Los mucorales invaden las vías respiratorias por medio de esporas, inoculación percutánea o ingestión. Pueden colonizar pero no producir ningún tipo de infección o invasión a menos de que haya un factor que predisponga al huésped. La cigomicosis se manifiesta por compromiso de los senos paranasales (39%), el pulmón (24%), la piel (19%), el sistema nervioso central (9%) y el tubo digestivo (7%). Puede haber compromiso diseminado en el 6% de los casos, principalmente en pacientes con uso de profilaxis antifúngica de amplio espectro y la posibilidad de otro sitio diferente a los mencionados en el 5% (1).

Las condiciones que predisponen a esta patología son: el uso de esteroides o citotóxicos, la falla renal crónica, la cetoacidosis diabética, el uso de catéteres, la terapia con deferroxamina, las neoplasias, el trasplante de médula ósea, la neutropenia grave prolongada o condiciones como los accidentes con material vegetal. Sin embargo, en algunas ocasiones no hay factores que predispongan al paciente a esta infección, como lo reporta Mohindra en 7 de 27 pacientes (22,2%) en quienes no se encontró inmunosupresión ni otros factores que facilitaran el desarrollo de la mucormicosis rinocerebral (2)

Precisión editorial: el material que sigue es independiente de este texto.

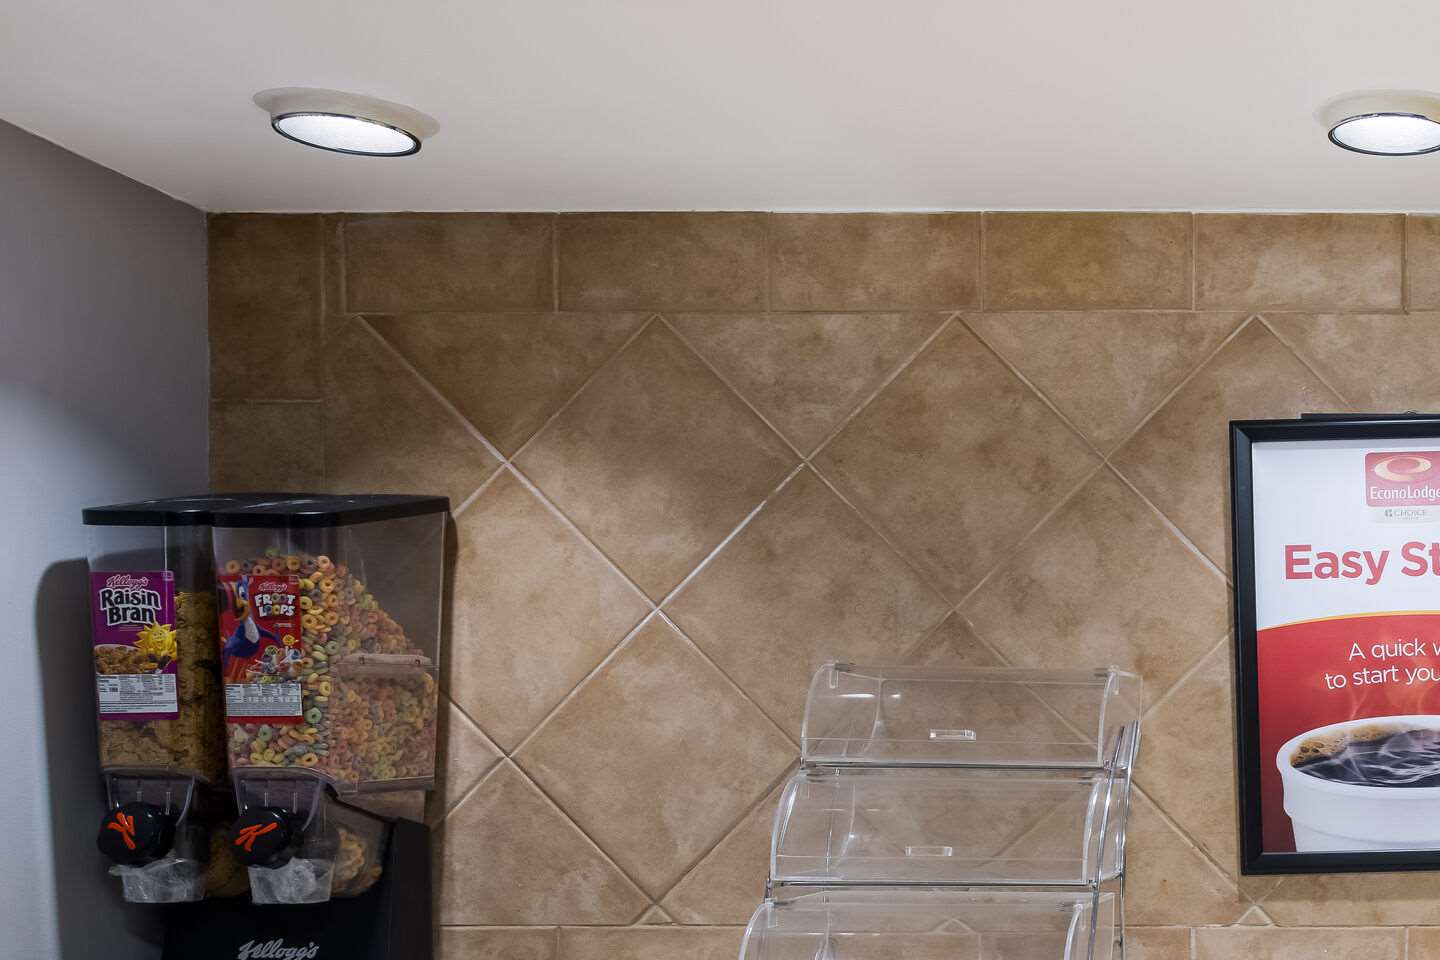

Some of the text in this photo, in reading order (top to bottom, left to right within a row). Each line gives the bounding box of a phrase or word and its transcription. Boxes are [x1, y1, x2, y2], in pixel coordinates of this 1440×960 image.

[1284, 543, 1390, 586] Easy
[99, 588, 162, 610] Raisin
[254, 593, 296, 607] FROOT
[107, 607, 157, 626] Bran
[258, 604, 296, 617] LOOPS
[1349, 643, 1366, 662] A
[1371, 638, 1426, 660] quick
[1325, 672, 1347, 689] to
[1352, 667, 1399, 686] start
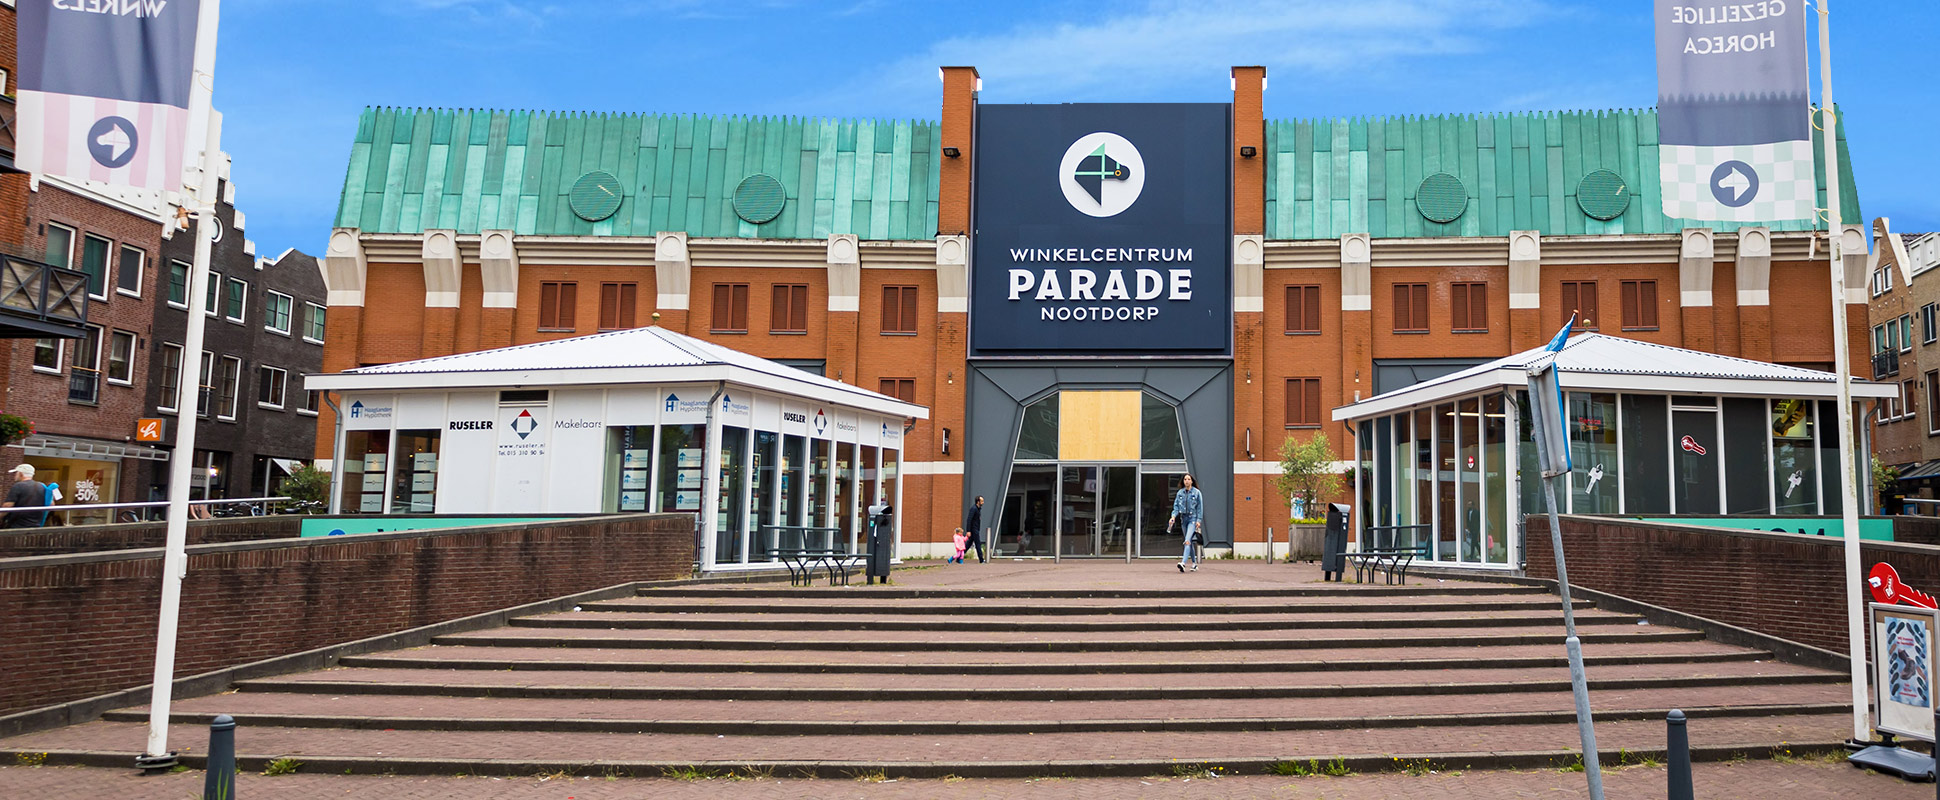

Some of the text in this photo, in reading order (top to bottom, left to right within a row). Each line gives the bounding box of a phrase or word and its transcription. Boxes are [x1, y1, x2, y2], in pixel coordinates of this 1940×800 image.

[1010, 248, 1193, 262] WINKELCENTRUM
[1008, 269, 1193, 301] PARADE
[1041, 306, 1159, 321] NOOTDORP
[449, 418, 602, 430] RUSELER Makelaars
[76, 480, 94, 489] sale
[75, 488, 99, 501] -50%

Nuestro paciente tenía antecedentes de diabetes tipo 2, controlada, sin hospitalizaciones previas; su cuadro inicial de cefalea era secundaria a un proceso infeccioso micótico, sin haber presentado estado hiperosmolar ni cetoacidosis diabética, los cuales se descartaron por los resultados de glucemia y gases arteriales.

En los estudios descriptivos con un análisis adecuado, se observó que en la mayoría de pacientes el compromiso rino-órbito-cerebral es el predominante con gran mortalidad, inclusive con un manejo adecuado. No se debe olvidar el compromiso cutáneo y si hay lesiones en piel, se deben realizar estudios histopatológicos y tinciones para hongos y descartar otras micosis, como la blastomicosis o la histoplasmosis, en pacientes inmunodeficientes e instaurar un tratamiento adecuado (3, 4).

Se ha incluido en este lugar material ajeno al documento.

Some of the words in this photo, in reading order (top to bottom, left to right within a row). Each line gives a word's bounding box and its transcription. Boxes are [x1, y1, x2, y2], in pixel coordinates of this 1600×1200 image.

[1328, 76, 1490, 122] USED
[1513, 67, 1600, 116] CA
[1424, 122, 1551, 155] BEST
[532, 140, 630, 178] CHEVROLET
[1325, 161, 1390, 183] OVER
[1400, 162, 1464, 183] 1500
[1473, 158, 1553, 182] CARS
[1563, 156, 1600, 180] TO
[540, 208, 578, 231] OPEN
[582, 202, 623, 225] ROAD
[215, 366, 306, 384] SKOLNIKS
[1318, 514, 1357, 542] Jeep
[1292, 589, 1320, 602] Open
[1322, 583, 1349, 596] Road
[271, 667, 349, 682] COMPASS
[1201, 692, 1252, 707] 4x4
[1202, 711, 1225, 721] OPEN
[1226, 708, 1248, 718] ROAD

En el sistema nervioso central puede ocasionar trombosis séptica del seno cavernoso, meningoencefalitis micótica, hemorragias intracerebrales, abscesos y hasta infartos cerebrales; es útil el estudio del líquido cefalorraquídeo con técnicas de amplificación de ARN por medio de la reacción en cadena de la polimerasa (PCR) (5).

Estos organismos aparecen en el estudio histológico como hifas anchas, no tabicadas, ramificadas en ángulo abierto (en torno a los 90º) sobre un tejido con zonas necróticas y hemorragias. Se debe diferenciar de Aspergillus sp., en el que las hifas son de menor tamaño, tabicadas y se ramifican en un ángulo agudo. En muchas ocasiones el diagnóstico se hace cuando la enfermedad está avanzada o post mórtem.

El diagnostico de nuestro paciente se logró por el aislamiento de las hifas en el estudio del absceso cerebral y de las muestras enviadas para el estudio de patología.

El diagnóstico de esta micosis requiere sospecharlo clínicamente, teniendo en cuenta los factores que predisponen al paciente y las lesiones necróticas de color negro en la región nasal o los senos paranasales que se presentan por compromiso de los vasos sanguíneos en menos del 50% de los pacientes (6, 7).

El factor decisivo en la supervivencia es la naturaleza de la enfermedad de base. Se trata de una entidad clínica que implica una urgencia médico-quirúrgica. La mucormicosis es una infección rápidamente progresiva, con una mortalidad elevada a pesar de un correcto tratamiento. Por esta razón, debe de ser incluida como una de las principales sospechas diagnósticas en pacientes con inmunocompromiso, diabéticos o con alguno de los factores de riesgo anteriormente mencionados, que presenten clínica de cuadro constitucional, fiebre y compromiso maxilar (8).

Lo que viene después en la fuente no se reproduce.